_RECORD SET_
—————
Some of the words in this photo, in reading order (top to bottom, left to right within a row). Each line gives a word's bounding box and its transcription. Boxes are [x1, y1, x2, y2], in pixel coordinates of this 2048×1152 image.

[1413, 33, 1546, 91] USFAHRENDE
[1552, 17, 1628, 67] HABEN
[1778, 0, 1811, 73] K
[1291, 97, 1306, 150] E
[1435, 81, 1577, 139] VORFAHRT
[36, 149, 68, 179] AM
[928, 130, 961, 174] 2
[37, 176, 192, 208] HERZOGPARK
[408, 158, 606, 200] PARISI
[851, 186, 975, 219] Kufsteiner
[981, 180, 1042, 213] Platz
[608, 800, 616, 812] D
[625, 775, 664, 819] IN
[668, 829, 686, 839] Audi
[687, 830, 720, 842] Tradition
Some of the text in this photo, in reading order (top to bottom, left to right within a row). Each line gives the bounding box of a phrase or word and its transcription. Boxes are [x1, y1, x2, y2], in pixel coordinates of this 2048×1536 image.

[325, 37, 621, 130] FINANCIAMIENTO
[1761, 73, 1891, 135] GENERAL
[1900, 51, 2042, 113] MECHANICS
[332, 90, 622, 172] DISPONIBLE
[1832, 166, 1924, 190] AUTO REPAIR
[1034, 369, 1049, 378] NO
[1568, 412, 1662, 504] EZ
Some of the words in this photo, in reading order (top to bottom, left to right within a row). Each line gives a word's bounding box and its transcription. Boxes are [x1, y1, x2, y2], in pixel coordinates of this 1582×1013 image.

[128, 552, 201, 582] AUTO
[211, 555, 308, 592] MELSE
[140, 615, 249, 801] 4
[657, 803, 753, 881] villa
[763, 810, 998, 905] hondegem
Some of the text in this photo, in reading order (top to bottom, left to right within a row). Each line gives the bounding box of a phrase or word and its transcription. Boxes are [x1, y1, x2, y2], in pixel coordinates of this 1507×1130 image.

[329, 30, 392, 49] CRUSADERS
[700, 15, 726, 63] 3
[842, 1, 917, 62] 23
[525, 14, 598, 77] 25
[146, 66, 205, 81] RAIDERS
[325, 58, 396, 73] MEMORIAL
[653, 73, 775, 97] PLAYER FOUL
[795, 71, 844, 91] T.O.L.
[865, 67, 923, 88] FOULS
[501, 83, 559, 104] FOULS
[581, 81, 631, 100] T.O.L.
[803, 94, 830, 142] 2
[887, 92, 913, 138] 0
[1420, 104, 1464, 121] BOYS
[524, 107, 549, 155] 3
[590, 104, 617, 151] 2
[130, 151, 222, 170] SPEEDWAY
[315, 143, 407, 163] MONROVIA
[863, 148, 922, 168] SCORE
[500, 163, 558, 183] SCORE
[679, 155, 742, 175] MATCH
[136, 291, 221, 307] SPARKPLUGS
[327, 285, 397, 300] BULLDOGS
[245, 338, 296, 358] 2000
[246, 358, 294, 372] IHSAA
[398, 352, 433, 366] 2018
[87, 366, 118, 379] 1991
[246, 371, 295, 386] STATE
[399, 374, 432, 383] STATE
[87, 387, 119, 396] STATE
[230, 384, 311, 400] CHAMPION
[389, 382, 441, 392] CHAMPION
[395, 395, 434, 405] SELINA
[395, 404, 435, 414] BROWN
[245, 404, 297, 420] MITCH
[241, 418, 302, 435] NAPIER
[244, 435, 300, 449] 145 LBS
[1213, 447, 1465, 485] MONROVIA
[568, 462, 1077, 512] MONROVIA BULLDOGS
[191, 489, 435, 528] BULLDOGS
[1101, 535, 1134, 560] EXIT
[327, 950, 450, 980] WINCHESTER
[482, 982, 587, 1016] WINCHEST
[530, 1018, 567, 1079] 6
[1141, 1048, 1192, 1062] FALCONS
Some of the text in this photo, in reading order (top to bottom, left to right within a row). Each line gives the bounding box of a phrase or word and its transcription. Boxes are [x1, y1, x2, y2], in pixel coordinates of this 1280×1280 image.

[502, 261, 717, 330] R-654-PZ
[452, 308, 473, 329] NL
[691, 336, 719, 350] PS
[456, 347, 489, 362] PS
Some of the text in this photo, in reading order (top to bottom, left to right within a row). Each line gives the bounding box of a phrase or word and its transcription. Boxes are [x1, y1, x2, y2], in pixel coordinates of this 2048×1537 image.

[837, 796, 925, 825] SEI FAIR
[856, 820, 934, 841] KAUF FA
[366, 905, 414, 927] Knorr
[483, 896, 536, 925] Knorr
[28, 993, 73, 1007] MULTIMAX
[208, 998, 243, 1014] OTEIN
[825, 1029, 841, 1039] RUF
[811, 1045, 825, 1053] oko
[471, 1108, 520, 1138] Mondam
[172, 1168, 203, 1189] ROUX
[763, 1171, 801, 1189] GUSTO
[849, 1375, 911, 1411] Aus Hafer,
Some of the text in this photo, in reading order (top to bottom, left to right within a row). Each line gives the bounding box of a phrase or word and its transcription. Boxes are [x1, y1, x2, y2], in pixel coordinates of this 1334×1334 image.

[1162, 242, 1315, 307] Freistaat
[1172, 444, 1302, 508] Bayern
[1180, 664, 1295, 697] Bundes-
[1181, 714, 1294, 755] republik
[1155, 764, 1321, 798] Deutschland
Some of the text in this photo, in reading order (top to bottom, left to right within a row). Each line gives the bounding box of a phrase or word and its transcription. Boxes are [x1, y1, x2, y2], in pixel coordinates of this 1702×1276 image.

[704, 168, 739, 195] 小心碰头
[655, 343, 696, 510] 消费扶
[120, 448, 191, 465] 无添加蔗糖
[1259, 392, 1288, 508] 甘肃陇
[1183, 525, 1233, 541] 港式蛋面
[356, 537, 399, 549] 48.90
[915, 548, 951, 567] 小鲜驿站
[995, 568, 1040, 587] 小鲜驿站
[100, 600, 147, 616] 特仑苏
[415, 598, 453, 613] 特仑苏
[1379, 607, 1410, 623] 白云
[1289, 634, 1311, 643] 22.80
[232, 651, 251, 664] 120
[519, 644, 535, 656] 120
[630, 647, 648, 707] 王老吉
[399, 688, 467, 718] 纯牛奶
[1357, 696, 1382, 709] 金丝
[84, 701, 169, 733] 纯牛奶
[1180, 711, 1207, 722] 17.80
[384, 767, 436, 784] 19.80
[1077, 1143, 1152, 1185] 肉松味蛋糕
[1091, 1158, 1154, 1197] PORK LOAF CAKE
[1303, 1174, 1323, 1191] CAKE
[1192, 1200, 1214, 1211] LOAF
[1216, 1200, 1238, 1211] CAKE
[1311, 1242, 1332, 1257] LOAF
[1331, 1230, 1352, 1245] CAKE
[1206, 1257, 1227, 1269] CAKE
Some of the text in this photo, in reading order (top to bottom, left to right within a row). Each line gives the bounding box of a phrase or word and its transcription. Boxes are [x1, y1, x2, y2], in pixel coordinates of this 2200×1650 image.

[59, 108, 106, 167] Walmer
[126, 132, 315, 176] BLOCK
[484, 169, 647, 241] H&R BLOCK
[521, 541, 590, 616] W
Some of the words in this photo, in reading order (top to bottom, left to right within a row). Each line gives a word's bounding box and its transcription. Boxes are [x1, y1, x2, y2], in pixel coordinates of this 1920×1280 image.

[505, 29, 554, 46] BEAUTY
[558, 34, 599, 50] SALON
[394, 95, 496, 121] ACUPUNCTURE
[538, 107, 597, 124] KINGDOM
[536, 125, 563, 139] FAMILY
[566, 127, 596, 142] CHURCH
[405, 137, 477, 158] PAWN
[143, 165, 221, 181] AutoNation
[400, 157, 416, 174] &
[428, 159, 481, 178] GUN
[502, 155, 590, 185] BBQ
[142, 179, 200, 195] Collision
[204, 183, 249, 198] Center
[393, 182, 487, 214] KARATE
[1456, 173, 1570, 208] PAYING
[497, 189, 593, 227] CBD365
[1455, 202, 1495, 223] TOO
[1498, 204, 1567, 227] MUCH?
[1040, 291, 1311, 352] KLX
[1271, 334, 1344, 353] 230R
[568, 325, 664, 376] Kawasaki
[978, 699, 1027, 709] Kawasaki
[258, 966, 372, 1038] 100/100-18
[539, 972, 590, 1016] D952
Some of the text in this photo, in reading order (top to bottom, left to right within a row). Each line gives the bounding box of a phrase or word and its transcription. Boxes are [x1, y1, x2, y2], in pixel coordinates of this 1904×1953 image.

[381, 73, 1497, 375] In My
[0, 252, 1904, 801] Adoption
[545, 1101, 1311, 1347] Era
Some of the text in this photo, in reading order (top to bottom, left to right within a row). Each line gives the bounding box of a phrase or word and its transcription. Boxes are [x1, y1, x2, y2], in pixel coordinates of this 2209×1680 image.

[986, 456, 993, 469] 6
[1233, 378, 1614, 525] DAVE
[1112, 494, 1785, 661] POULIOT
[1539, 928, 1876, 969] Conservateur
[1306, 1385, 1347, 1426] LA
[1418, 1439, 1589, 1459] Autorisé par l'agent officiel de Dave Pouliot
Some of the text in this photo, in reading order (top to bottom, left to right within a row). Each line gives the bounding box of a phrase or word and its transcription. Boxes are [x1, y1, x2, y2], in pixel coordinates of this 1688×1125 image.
—————
_REQUIRED ACTION_
Your answer must hold the line containing "this 1904×1953 image." and all lines after it in the entries above, exactly, and nothing else.

_ANSWER BELOW_
Some of the text in this photo, in reading order (top to bottom, left to right within a row). Each line gives the bounding box of a phrase or word and its transcription. Boxes are [x1, y1, x2, y2], in pixel coordinates of this 1904×1953 image.

[381, 73, 1497, 375] In My
[0, 252, 1904, 801] Adoption
[545, 1101, 1311, 1347] Era
Some of the text in this photo, in reading order (top to bottom, left to right within a row). Each line gives the bounding box of a phrase or word and its transcription. Boxes are [x1, y1, x2, y2], in pixel coordinates of this 2209×1680 image.

[986, 456, 993, 469] 6
[1233, 378, 1614, 525] DAVE
[1112, 494, 1785, 661] POULIOT
[1539, 928, 1876, 969] Conservateur
[1306, 1385, 1347, 1426] LA
[1418, 1439, 1589, 1459] Autorisé par l'agent officiel de Dave Pouliot
Some of the text in this photo, in reading order (top to bottom, left to right within a row). Each line gives the bounding box of a phrase or word and its transcription. Boxes are [x1, y1, x2, y2], in pixel coordinates of this 1688×1125 image.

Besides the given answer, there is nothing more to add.